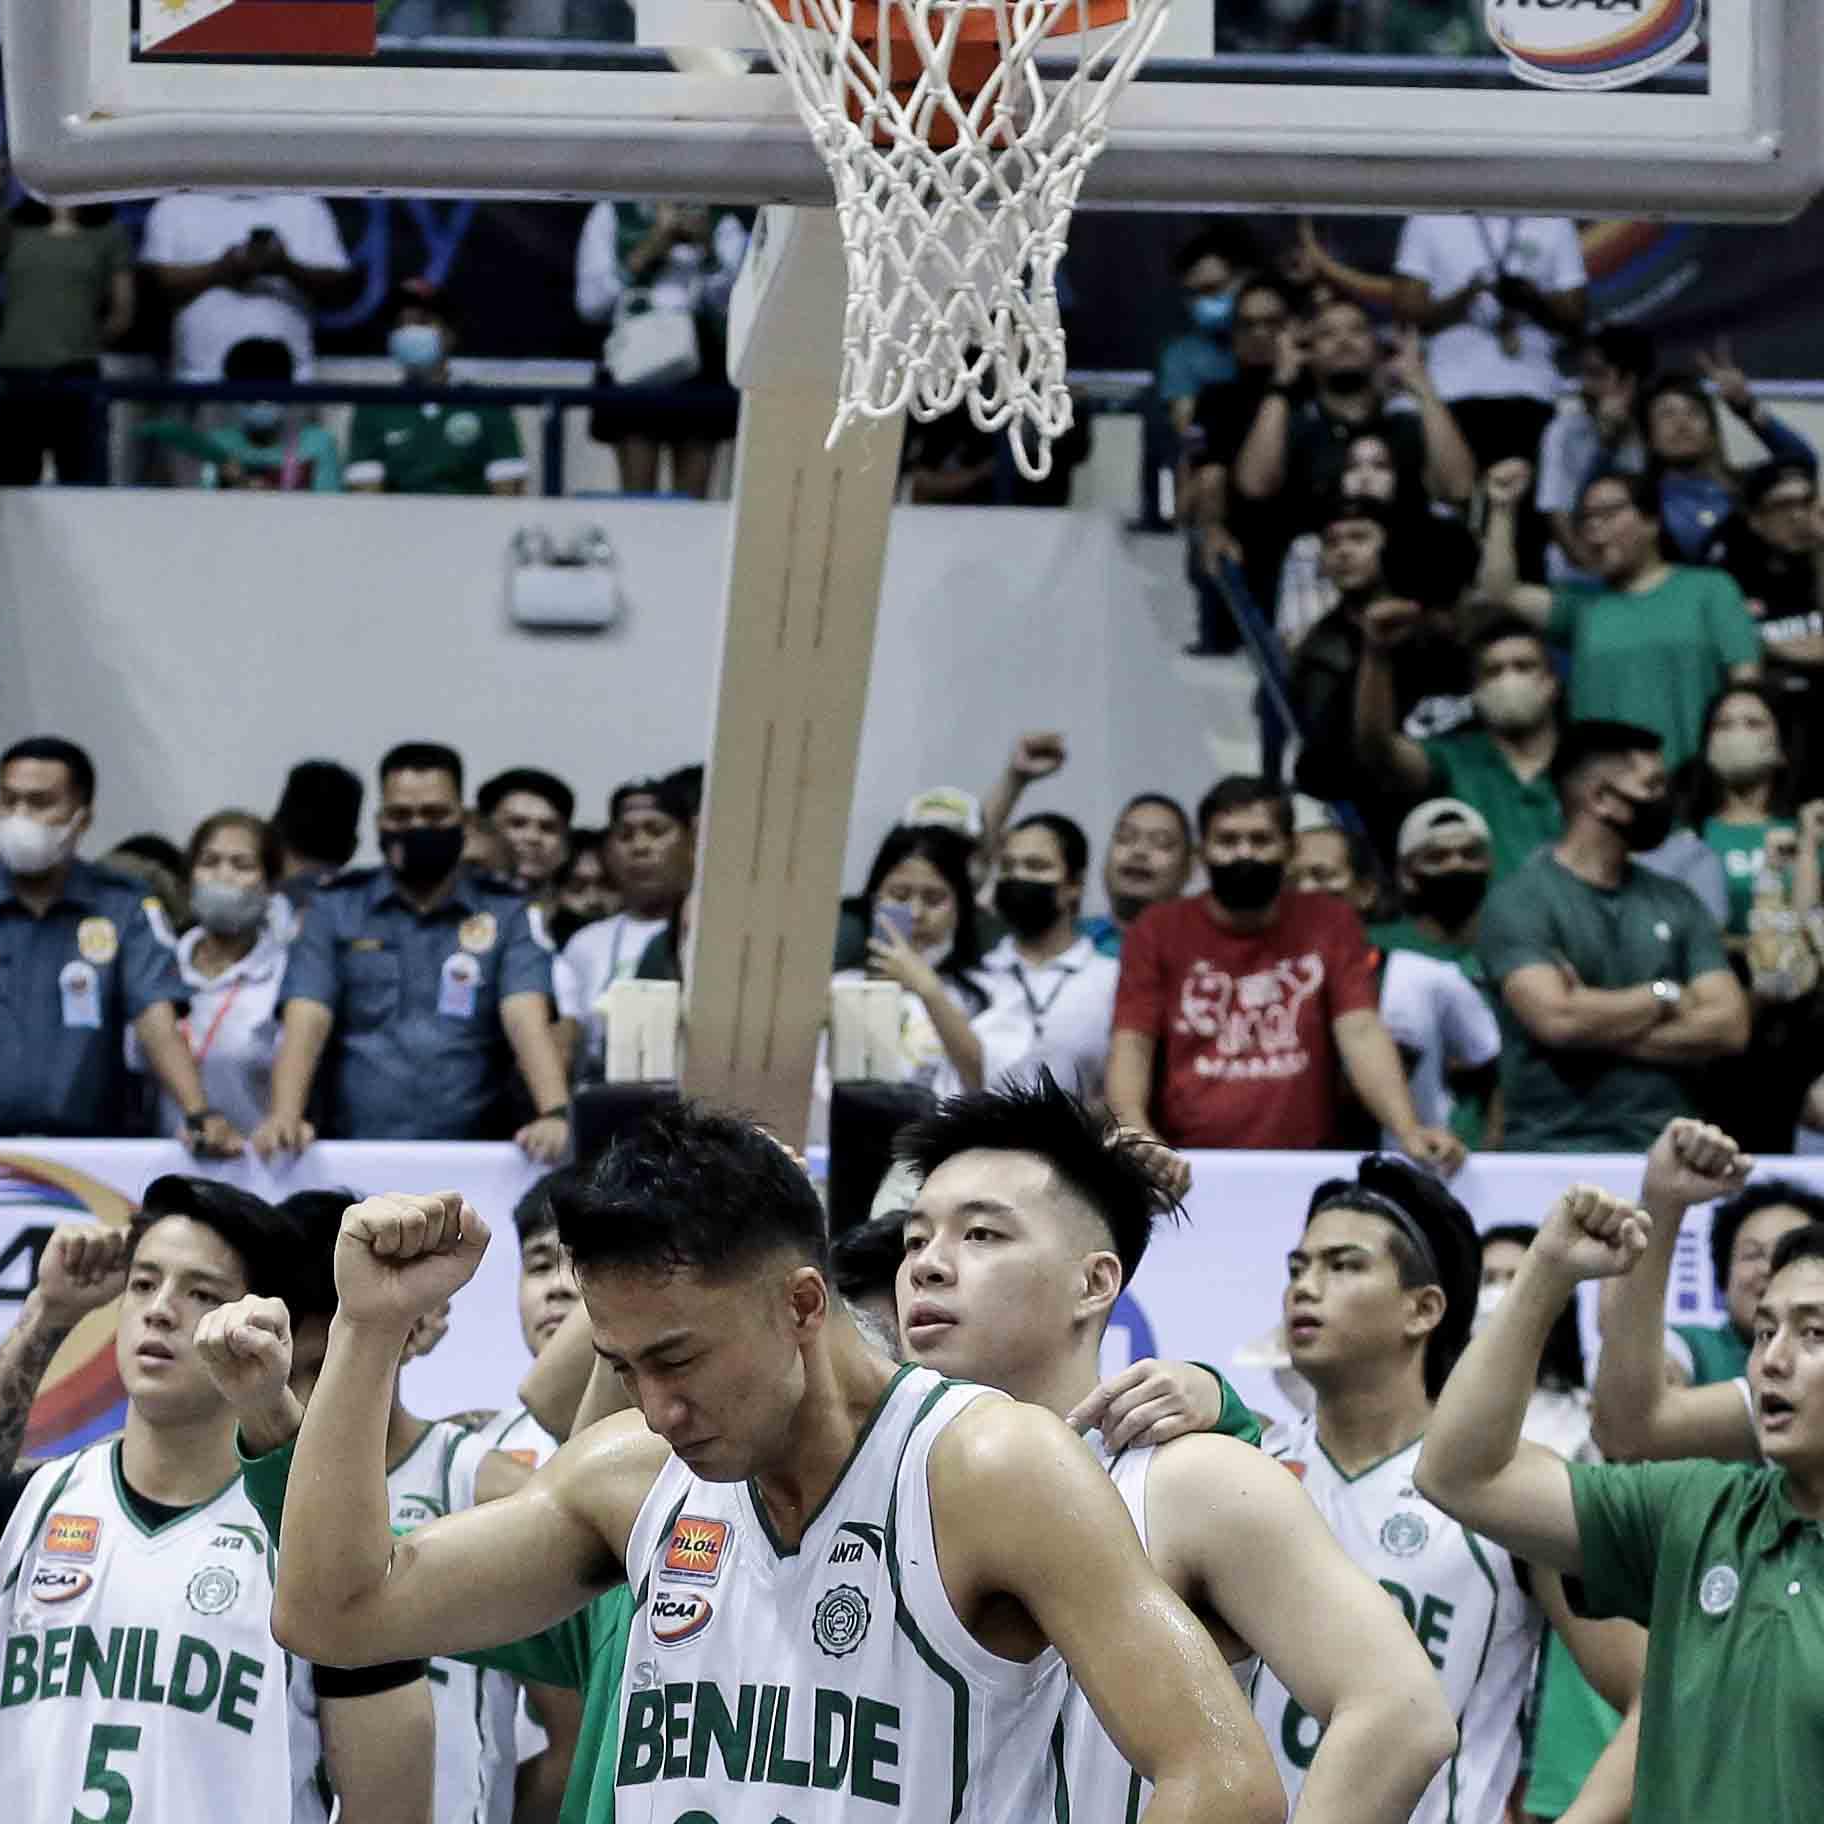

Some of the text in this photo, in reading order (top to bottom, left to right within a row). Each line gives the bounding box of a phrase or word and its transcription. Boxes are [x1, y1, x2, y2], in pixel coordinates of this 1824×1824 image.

[828, 1541, 865, 1564] ANTA
[32, 1575, 77, 1586] NCAA
[651, 1601, 698, 1618] NCAA
[0, 1625, 264, 1735] BENILDE
[615, 1680, 901, 1807] BENILDE

__________________________________________________

:: Exercise ::
Repeat each entry exactly. Pictures do not belong in the copy.

:: Task result ::
Some of the text in this photo, in reading order (top to bottom, left to right within a row). Each line gives the bounding box of a phrase or word and its transcription. Boxes are [x1, y1, x2, y2], in pixel coordinates of this 1824×1824 image.

[828, 1541, 865, 1564] ANTA
[32, 1575, 77, 1586] NCAA
[651, 1601, 698, 1618] NCAA
[0, 1625, 264, 1735] BENILDE
[615, 1680, 901, 1807] BENILDE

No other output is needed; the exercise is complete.